Brexiteer business boss hits out at Hammond in FURIOUS Brexit rant – ‘NOT up to the job!’

Mr Elliott cited estimates from the Treasury released last November which claimed leaving the European Union without a Brexit deal could result in a 9.3 percent hit to GDP over the same period. Speaking to, Mr Elliott ridiculed Mr Hammond’s Brexit forecasts and highlighted on the benefits of a no deal exit. He said: “They are either using inaccurate estimates to further their personal preferences to remain in the EU or they believe this is the best they can do as a government which means they’re not up to the job.”

They believe this is the best they can do as a government which means they’re not up to the job

John Elliott

Mr Elliott, the founder of British company Ebac, insisted it is time the Government improves Britain’s global performance as he branded the Government as “totally incompetent”.

The Brexiteer businessman listed five reasons why no deal will be the best option for Britain. He said: “When the UK is a member of the EU it is easier to trade with the EU than the rest of the world and yet we do more trade with the rest of the world.

“When we leave, we can make it easier to trade with the rest of the world which will increase our trade.

“We currently have a trading deficit with the EU. The trade agreement we strike with the EU should be based on having balanced trade with the EU. Thereby having more output in the UK.

“When we leave the EU we can set tariffs with the rest of the world to appropriate levels for the UK economy rather than having the current tariffs which are set to benefit the whole of the EU.

“When we leave the EU we will be free to develop an industrial strategy appropriate to our specific needs.”

In November, Whitehall said the UK will be economically worse off after Brexit.

The figures claimed the withdrawal from the EU under the Government’s plans could cut the UK’s GDP by up to 3.9 percent over the next 15 years, while a no deal Brexit will cause a 9 percent hit on GDP.

The document did not put a cash figure on the potential impact on the economy, but independent experts said that 3.9 percent of GDP would equate to around £100 billion a year by the 2030s, far outweighing the UK’s current contribution to EU budgets.

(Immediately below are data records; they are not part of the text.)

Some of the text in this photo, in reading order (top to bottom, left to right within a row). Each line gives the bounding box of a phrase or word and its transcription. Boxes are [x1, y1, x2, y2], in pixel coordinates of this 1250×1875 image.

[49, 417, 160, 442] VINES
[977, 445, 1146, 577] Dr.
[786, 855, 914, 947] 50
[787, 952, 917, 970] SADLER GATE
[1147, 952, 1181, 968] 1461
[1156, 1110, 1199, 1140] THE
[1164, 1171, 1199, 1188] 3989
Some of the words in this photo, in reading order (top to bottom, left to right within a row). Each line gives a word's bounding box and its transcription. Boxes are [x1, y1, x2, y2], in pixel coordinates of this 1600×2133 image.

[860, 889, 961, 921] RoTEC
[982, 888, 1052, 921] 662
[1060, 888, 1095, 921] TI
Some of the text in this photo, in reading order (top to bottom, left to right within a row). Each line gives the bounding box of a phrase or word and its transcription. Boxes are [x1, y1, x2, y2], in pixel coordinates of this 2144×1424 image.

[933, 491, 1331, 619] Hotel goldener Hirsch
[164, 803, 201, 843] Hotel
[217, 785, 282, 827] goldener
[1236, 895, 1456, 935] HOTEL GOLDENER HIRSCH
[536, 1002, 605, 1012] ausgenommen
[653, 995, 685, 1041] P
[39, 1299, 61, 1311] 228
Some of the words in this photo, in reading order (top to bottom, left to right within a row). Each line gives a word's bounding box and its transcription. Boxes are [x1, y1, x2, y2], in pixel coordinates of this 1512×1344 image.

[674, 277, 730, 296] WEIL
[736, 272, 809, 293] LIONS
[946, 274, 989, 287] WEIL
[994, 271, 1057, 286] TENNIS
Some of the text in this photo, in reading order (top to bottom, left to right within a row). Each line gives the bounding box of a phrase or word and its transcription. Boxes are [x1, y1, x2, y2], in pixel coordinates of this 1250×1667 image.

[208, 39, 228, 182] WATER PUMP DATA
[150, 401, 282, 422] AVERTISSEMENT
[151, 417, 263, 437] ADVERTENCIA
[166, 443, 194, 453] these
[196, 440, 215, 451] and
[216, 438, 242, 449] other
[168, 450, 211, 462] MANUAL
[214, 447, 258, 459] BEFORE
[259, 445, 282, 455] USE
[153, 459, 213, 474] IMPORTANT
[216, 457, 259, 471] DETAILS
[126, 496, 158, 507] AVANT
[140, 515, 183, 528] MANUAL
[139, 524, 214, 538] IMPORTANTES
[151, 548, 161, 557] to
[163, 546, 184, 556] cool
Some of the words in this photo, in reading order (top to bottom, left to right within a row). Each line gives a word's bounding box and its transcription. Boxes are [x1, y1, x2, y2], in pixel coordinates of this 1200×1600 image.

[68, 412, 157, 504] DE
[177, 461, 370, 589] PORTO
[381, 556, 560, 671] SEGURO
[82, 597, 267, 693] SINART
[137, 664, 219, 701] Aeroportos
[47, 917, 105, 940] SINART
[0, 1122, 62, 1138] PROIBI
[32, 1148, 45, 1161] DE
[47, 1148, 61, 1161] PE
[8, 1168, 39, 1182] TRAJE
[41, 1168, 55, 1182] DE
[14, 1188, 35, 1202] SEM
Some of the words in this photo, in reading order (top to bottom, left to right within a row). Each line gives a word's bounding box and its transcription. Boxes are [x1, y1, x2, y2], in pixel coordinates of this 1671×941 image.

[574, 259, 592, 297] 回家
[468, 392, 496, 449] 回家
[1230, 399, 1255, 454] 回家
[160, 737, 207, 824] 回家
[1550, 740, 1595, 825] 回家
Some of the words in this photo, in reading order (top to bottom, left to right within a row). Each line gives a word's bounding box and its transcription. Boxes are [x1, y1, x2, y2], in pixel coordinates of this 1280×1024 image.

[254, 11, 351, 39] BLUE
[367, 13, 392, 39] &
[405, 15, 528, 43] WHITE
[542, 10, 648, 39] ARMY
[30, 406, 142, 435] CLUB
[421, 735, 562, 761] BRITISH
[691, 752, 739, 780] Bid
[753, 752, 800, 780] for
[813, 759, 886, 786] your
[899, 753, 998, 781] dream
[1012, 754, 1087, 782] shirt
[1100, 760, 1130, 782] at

The 83-page document was drawn up by officials from Whitehall departments including the Treasury, the Department for Exiting the EU, Industry, Environment, International Trade and the Home Office.

Chancellor Philip Hammond claimed the UK would be worse off “in pure economic terms” under all possible Brexit outcomes.

Leaving the EU would inevitably create “impediments to trade” even if a deal was agreed, the Chancellor said.

“What the Prime Minister’s deal does is absolutely minimises those costs, and reduces to an absolute minimum the economic impact of leaving the EU, while delivering the political benefits, in terms of being able to do third-country trade deals, having control of our fishing waters, and the many other issues that will be delivered politically,” Mr Hammond said.

He added: “I’m not trying to scare anybody and I reject the term scaremongering.”

The comments come as Downing Street confirm Prime Minister Theresa May will bring forward legislation in order to put a Brexit deal to Parliament for a fourth time on the week beginning June 3.

The announcement follows on from further crunch Brexit talks between the Prime Minister and Jeremy Corbyn tonight in order to break the Brexit impasse.

Number 10 has stated the cross-party talks between Mrs May and Mr Corbyn were “useful and constructive” but stopped short in confirming if Labour would back the deal or if any changes had been made to the bill agreed with Brussels.

Mrs May’s withdrawal agreement has been defeated by the House of Commons of three occasions and the failure to deliver Brexit has resulted in the UK’s participation in the European Parliament elections on May 23.

The Government is continuing to make preparations for leaving the European Union without a deal, a spokesman for the Prime Minister has confirmed.

The UK had been due to exit the bloc on March 29 with or without a withdrawal agreement, however, Britain and the EU twice agreed an extension to Article 50.

The default position now means the UK will leave the EU before October 31 deadline.

A spokesman for Mrs May said: “No deal planning has never stopped. Britain was prepared for a no deal on March 29 and that work has continued.”